Les experts-comptables sont de plus en plus confrontés à l’économie numérique et à la portée des échanges de l’information. Comment doivent-ils appréhender ces nouveaux défis ?
L’exploitation du big data est un défi majeur pour les experts-comptables. Nous recevons énormément d’informations de toute sorte qui doivent être traitées de façon fiable en prenant en compte toutes les contraintes réglementaires nouvelles. En pratique, il est nécessaire pour les experts-comptables de prendre conscience du virage numérique qui s’opère en poursuivant une formation professionnelle continue.

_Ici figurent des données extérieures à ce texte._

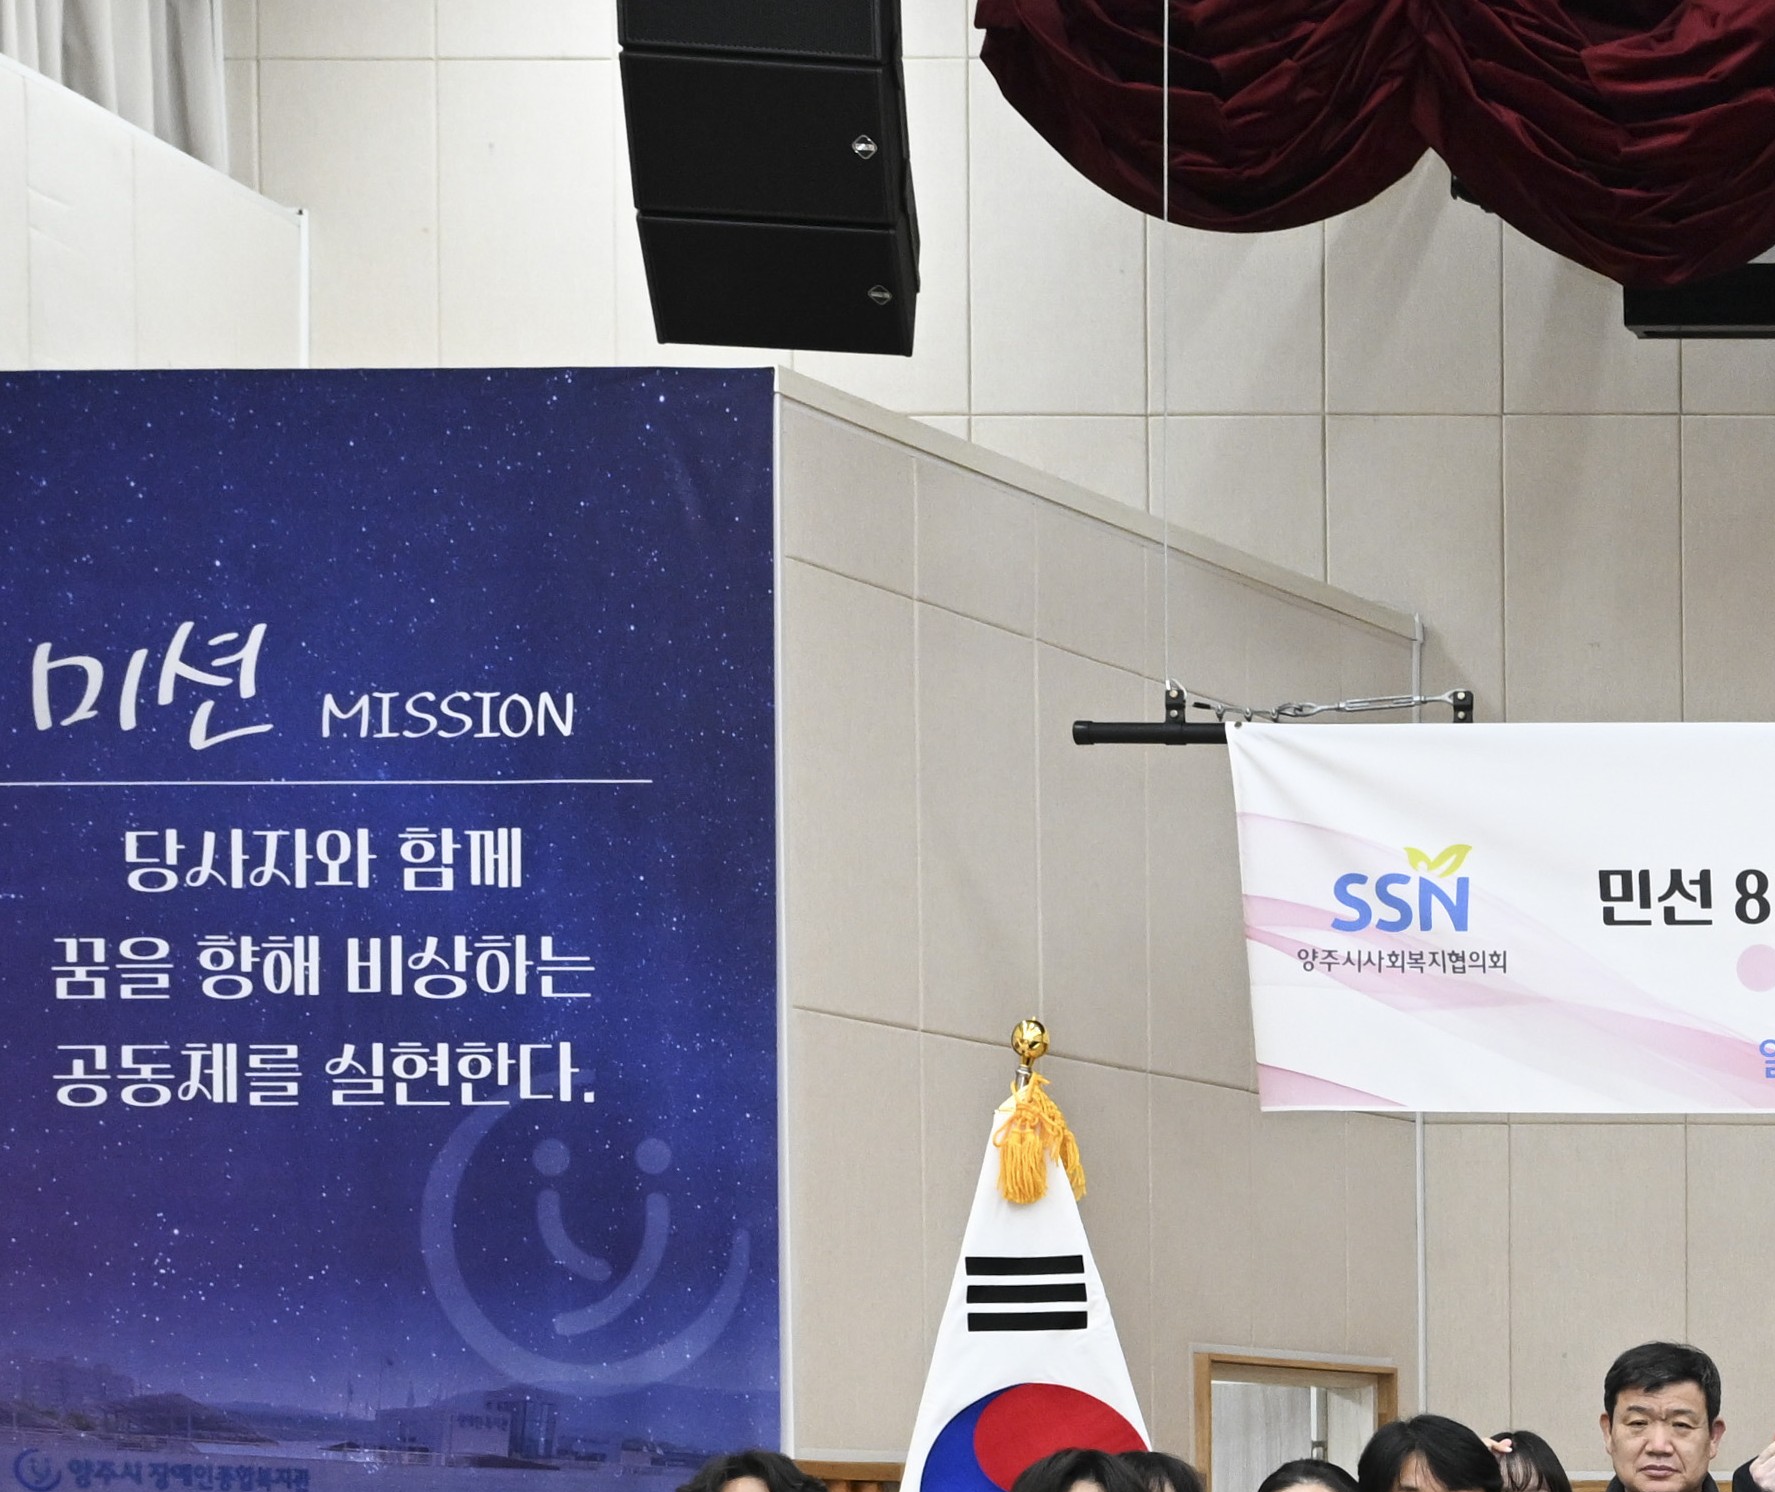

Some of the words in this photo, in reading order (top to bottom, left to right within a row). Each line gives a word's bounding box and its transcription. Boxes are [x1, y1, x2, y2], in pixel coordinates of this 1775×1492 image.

[33, 622, 273, 750] 미션
[322, 691, 573, 738] MISSION
[125, 828, 377, 892] 당사자와
[398, 828, 521, 891] 함께
[1332, 873, 1469, 932] SSN
[1599, 869, 1712, 926] 민선
[52, 937, 173, 999] 꿈을
[197, 936, 319, 999] 향해
[348, 935, 595, 999] 비상하는
[1298, 949, 1506, 973] 양주시사회복지협의회
[53, 1043, 302, 1106] 공동체를
[326, 1042, 594, 1105] 실현한다.

L’objectif pour le professionnel est d’être en mesure de répondre aux besoins des clients en disposant des compétences suivantes : une expertise approfondie sur le domaine de la data, une capacité à exploiter la base de données pour en tirer des informations utiles, une capacité à proposer une offre conseil adaptée et proportionnée…

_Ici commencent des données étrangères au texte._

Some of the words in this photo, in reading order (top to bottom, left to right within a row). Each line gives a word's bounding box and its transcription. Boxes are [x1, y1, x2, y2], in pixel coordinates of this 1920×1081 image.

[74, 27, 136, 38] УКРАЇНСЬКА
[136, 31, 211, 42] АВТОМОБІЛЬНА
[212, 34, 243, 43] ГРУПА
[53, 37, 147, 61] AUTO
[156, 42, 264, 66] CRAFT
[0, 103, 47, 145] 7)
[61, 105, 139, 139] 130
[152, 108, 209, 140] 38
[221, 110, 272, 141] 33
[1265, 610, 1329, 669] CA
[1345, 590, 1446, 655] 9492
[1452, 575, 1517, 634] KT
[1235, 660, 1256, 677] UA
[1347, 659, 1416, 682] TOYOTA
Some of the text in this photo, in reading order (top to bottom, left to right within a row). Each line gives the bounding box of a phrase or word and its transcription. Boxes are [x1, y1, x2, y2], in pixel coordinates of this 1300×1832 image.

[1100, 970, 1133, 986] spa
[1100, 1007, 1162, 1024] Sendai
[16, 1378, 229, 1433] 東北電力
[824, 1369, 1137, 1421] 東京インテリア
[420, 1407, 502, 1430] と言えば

Certains pensent que l’expert-comptable doit être un business partner de l’entreprise, notamment en l’accompagnant dans toutes les étapes de son développement. Est-ce également votre avis ?
L’expert-comptable est véritablement le bras droit du dirigeant. Il l’accompagne dans toutes les étapes de la vie de la société (création, reprise, croissance, transmission…) avec un devoir de conseil dans ses prises de décisions clés, une anticipation des difficultés de l’entreprise, le pilotage de l’activité, le recrutement de personnel clé, le respect des dispositions légales et réglementaires applicables… C’est un partenaire privilégié qui permet au dirigeant de se concentrer sur son cœur de métier tout en disposant d’une personne référence pour répondre à ses besoins. Au-delà du confort qu’il donne sur la fiabilité des informations financières et le respect des lois et règlements sur les volets fiscal et social et juridique, l’expert-comptable peut notamment accompagner le dirigeant sur sa stratégie d’entreprise en utilisant notamment les principaux outils opérationnels de business intelligence existant sur le marché que sont Power BI et Tableau Software.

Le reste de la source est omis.